Open Source & Free  

Weekly Release, Developer Guide & JavaScript Promotion End

Weekly Release, Developer Guide & JavaScript Promotion End

Header Image

We just made our first weekly release today, in the coming weeks when you send a build or update the client
libraries you should get a new version every Friday. We hope this will help us provide better consistency between
the docs/device builds and the simulator.

We finally completed the overhaul of the developer guide which now clocks at 732 pages. This doesn’t mean the
guide is perfect or covers everything there is but rather that we covered the bigger pieces and reviewed the whole
document for accuracy and relevance. There are still big pieces we’d like to add e.g. a section about the common
cn1libs is something that I would personally like to see.

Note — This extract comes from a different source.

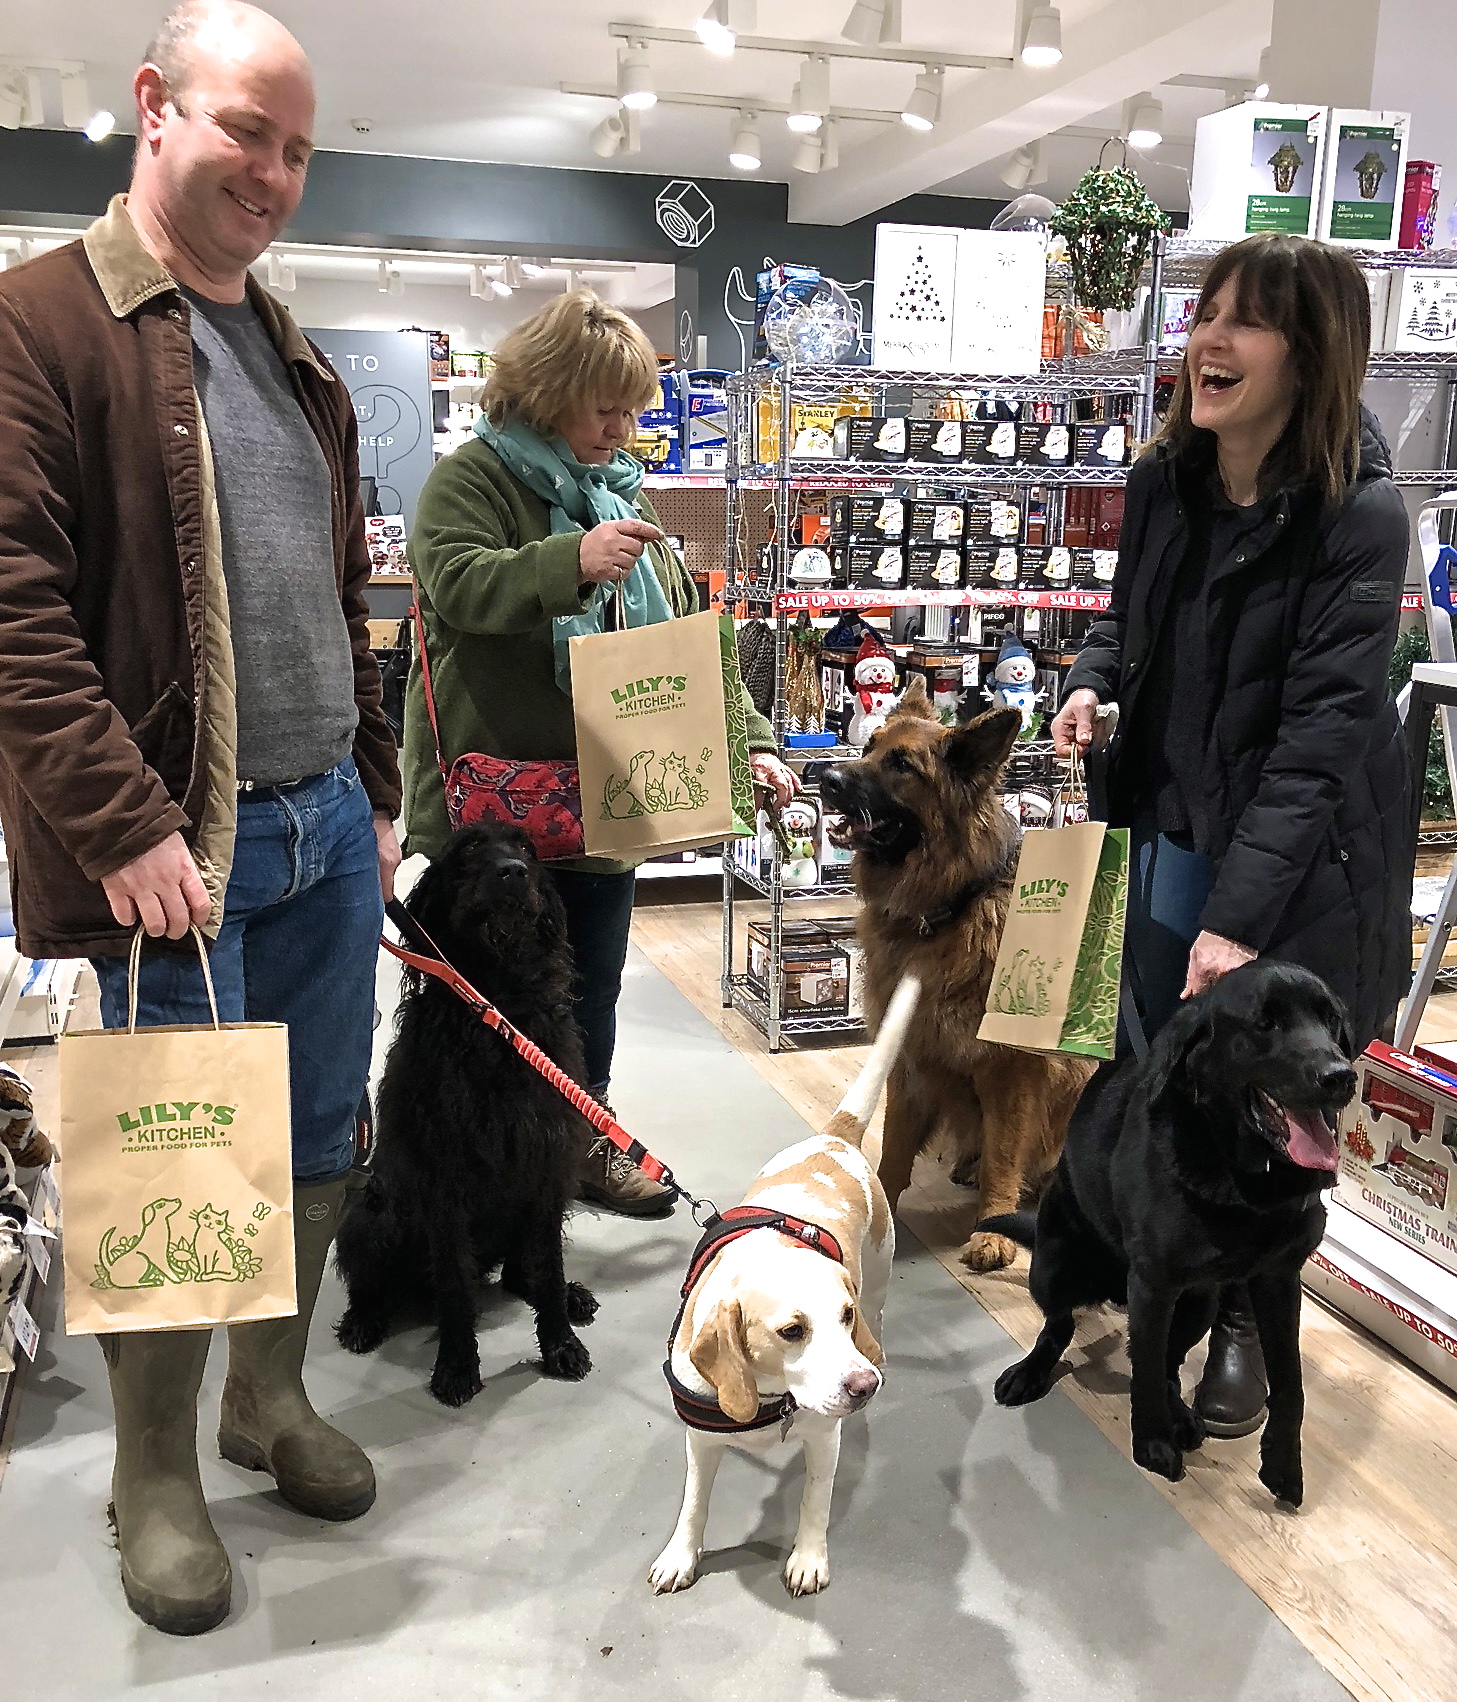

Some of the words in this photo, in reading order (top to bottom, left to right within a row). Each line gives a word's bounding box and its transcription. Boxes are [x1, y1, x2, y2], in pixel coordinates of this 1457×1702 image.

If there is something you feel isn’t covered properly in the docs let us know in the comments below
or just edit the wiki directly!

Now that the guide is complete and the JavaDocs are far improved we are targeting better videos for the website and
IntelliJ support. We are still overworked with the new Windows port so that is slowing our general progress on
everything else.

JavaScript Promotion Ended

We ended the JavaScript build promotion
we started last month. If you were a pro user and remain a pro user
you should have that ability into 2017. Everyone else now needs an enterprise license to enjoy that feature.

Notice that if you let your subscription lapse you might lose this ability since we won’t have a way to distinguish your builds
from everyone else.

4 Comments

  • Chidiebere Okwudire says:

    Good to hear there’s progress on the WP port. Is it already possible to predict when we can expect the first release? 🙂

  • Shai Almog says:

    One of the reasons we didn’t want to go into this whole mess is the level of complexity. We put in a tremendous amount of work and are still at a stage where we might need to throw everything away and start from scratch!

    We are trying to take a shortcut that would save us the need to port ParparVM to Windows, if we need to go thru that route it could take quite a while.

  • AdAlbert says:

    I think you don’t need ParparVM for Windows port because gc is implemented internally in C# and this is main advantage od ParparVM for iOS.

  • Shai Almog says:

    If we would go with ParparVM (which we probably won’t as we made good progress with iKVM) we would use C and not C#. We had a horrible experience when translating Java bytecode to C#. They differ at just the right amount to make translation darn near impossible.